Small apartment design: 7 mistakes and how to avoid them

Designing a small living room or kitchen can be a serious test of your design skills. How to find the golden meaning between stylish and practical? Just a few decorative tricks can turn a small space into a functional and livable home.

Height of the walls In a small space, every centimeter counts, even on the wall. To really make the most of your home, don’t miss out on vertical planning. Try to store as many things as possible close to the ceiling: this is easy to do with shelving and custom cabinets.

Visually divide the space Visually separating open floor plans is appropriate in large homes, but with a lack of meters, it will make your home more compact and less functional.

Zealous with decor When it comes to furnishing your small space, less is more. Keep in mind that you may not be able to fit all the ‘features’ of a particular room into your space, and that’s okay.

Mix lighting styles Every designer knows that lighting can make or break a space, no matter how small. However, lighting is even more important when designing small spaces. If there is too much light, the interior will be uninhabited, and if there is too little, it will resemble a dark cave.
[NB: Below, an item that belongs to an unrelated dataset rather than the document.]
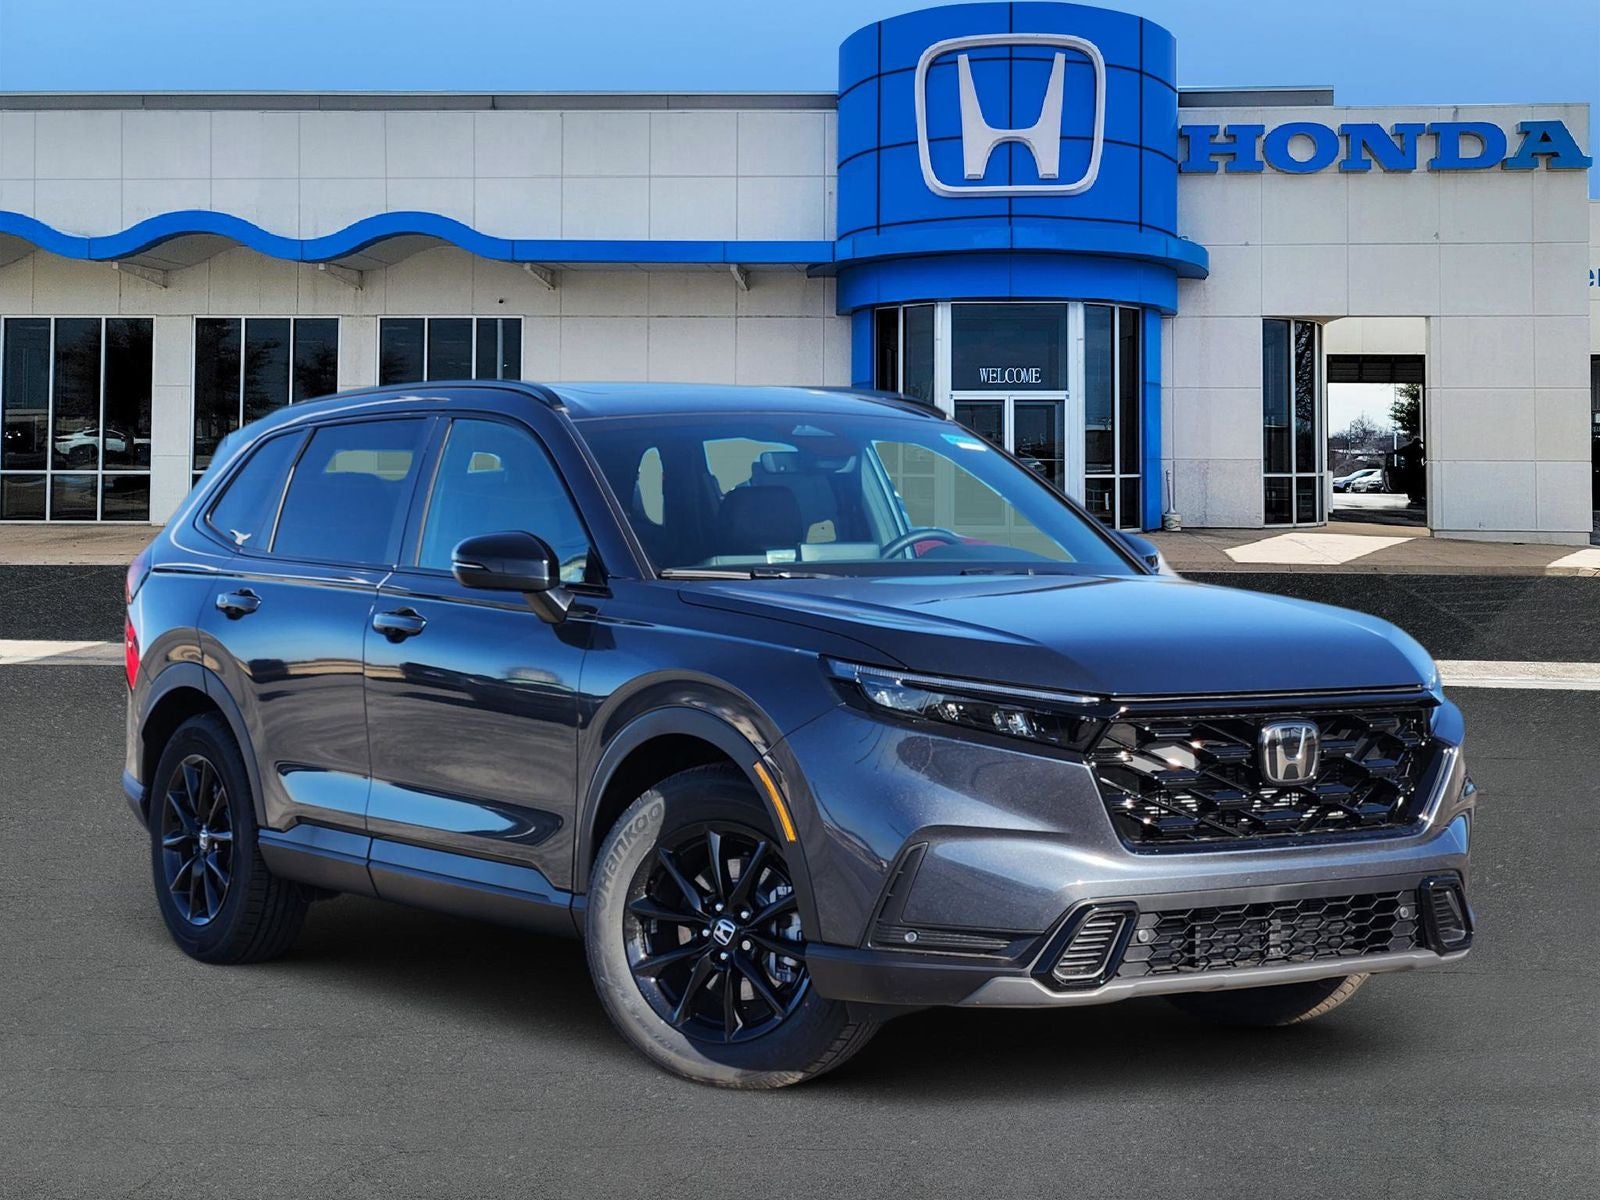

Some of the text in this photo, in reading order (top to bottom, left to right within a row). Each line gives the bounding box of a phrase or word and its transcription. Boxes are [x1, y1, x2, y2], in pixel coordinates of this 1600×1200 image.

[1179, 120, 1593, 174] HONDA
[979, 367, 1041, 384] WELCOME
[600, 802, 663, 893] Hankoo
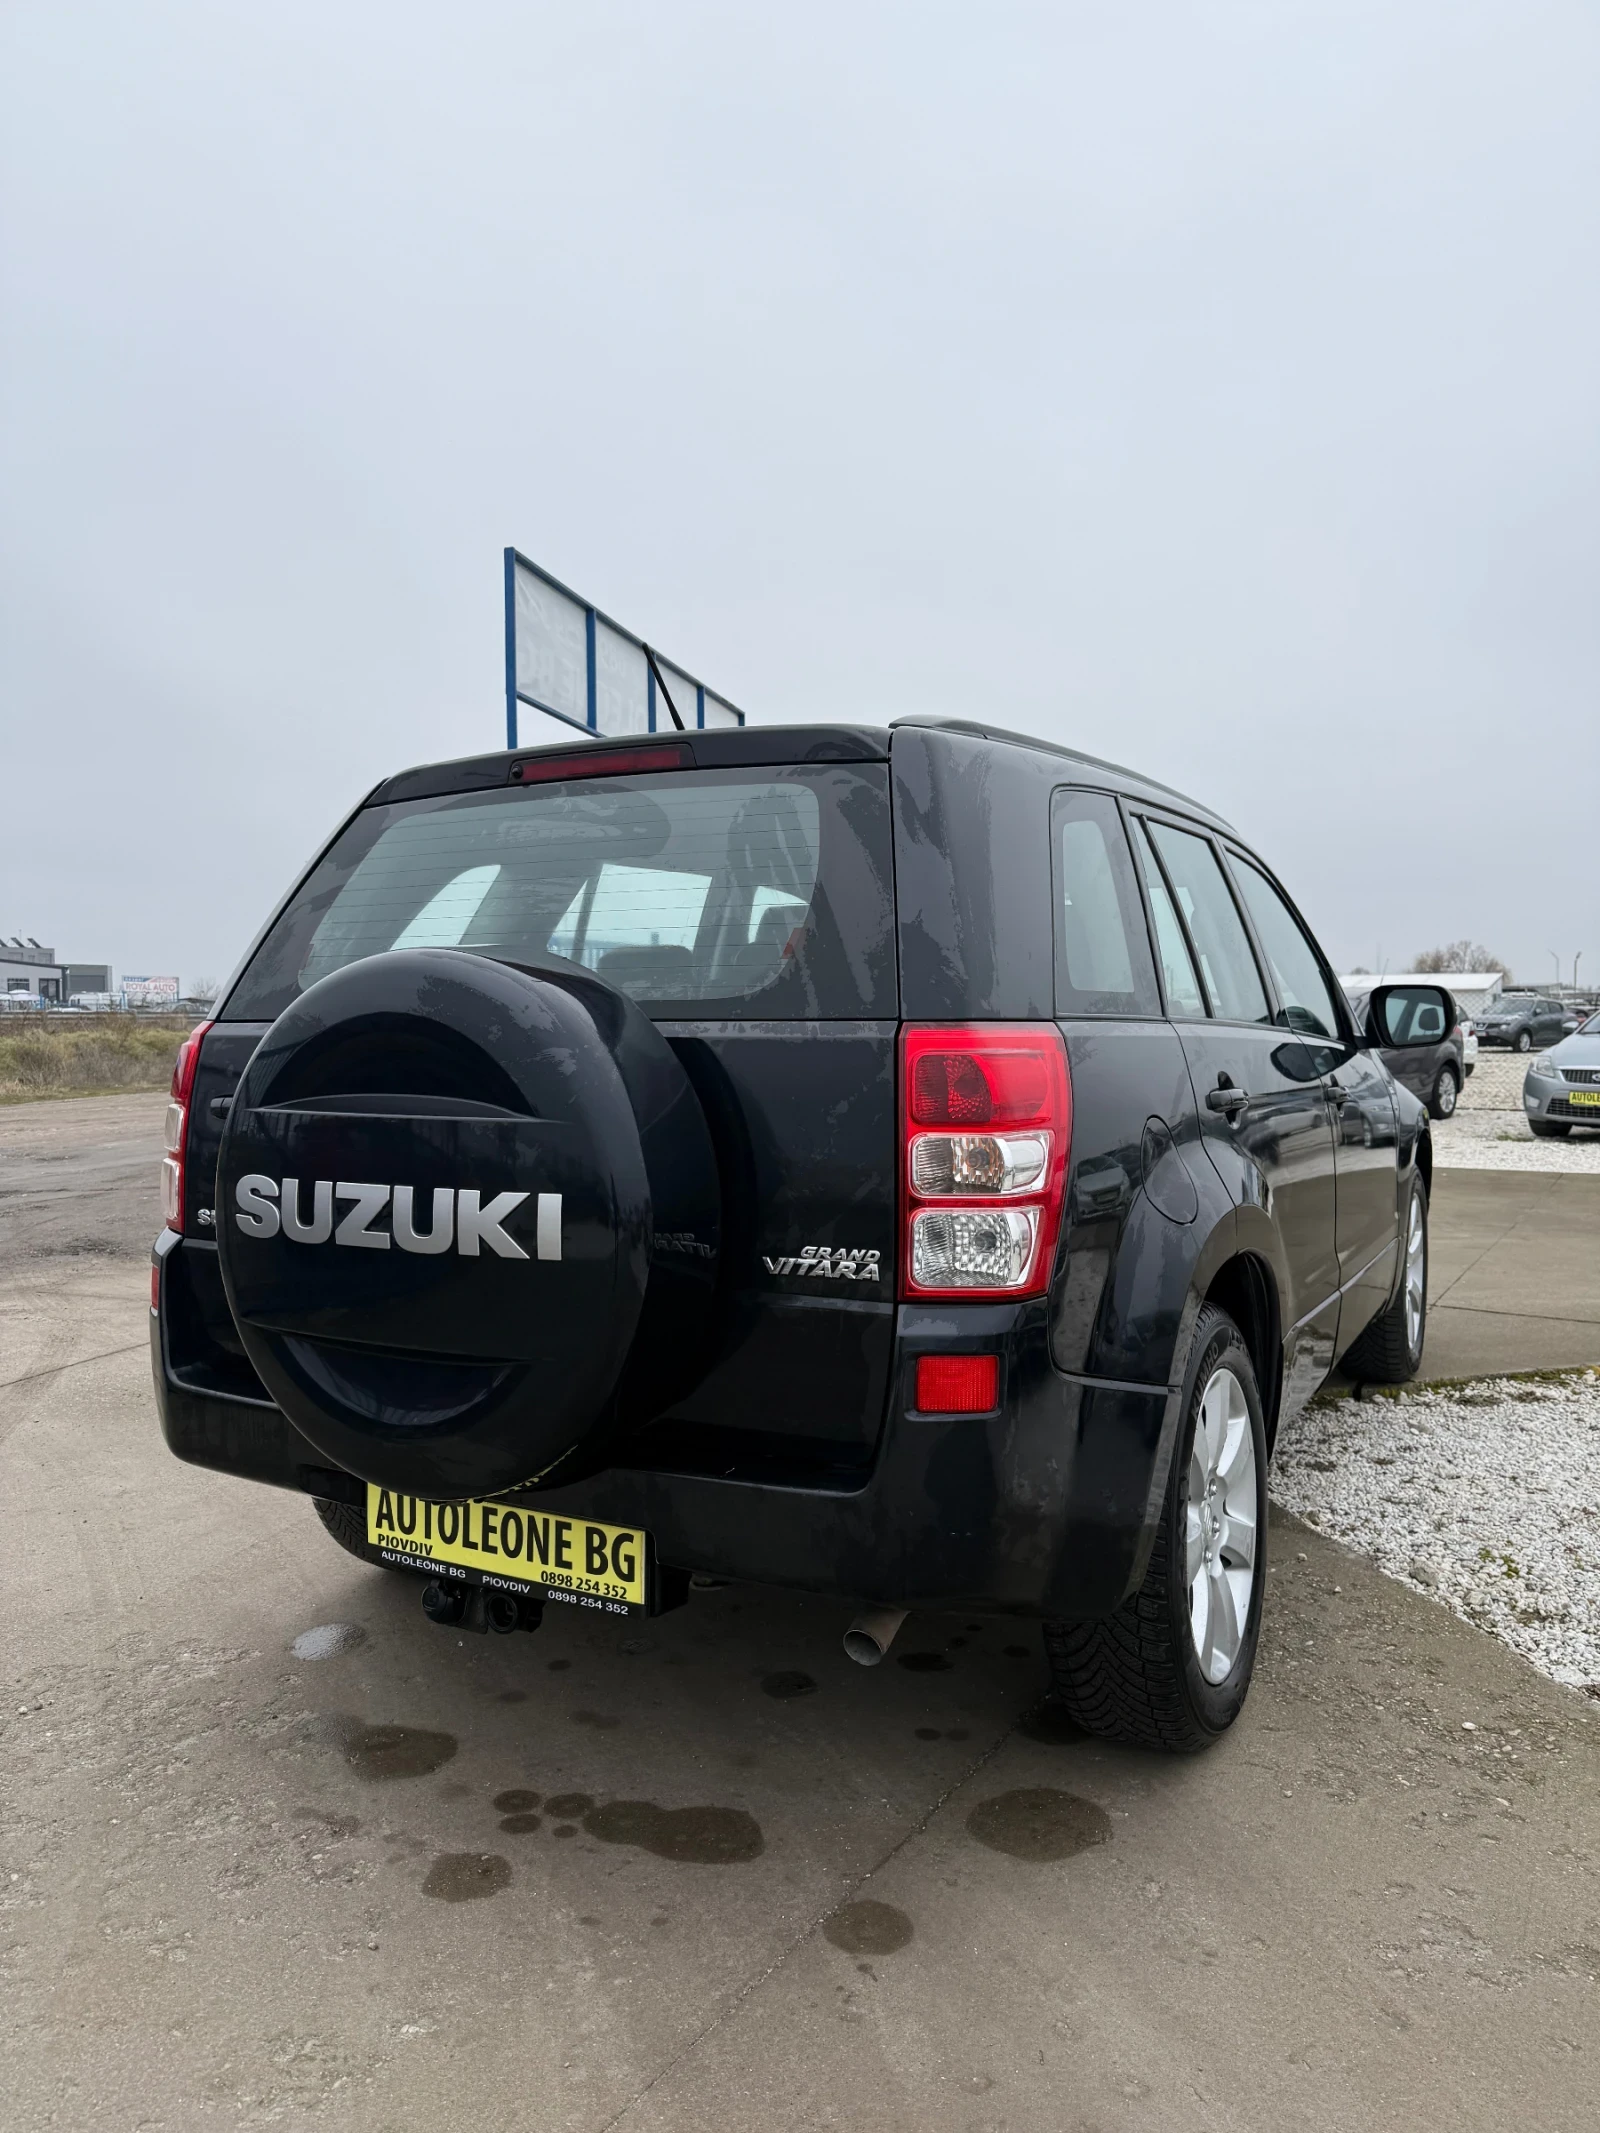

Buying reusable items In small spaces, you often need items that perform a double or even triple function. If you have a sofa or coffee table that only serves one purpose, it’s likely that effective storage and space-saving solutions are being overlooked.

Customize your storage systems Fitting storage systems to a specific location will necessarily be more expensive than standard furniture. But custom storage solutions will go a long way to meet your needs. For example, it’s easy to remember where items are in the kitchen if you set aside space for appliances with cutting board compartments at the top and drawers for cereal and snacks at the bottom.

You arrange furniture close to the walls The first impulse when arranging a small living room (or other room) may be to push all the furniture against the walls in order to create an empty space in the middle of the room. While it makes some sense, this strategy can have the opposite effect. Placing all the furniture against the walls in an attempt to maximize space is a common mistake that makes a room feel smaller. Leave some air between the wall and things to create the illusion of a larger room.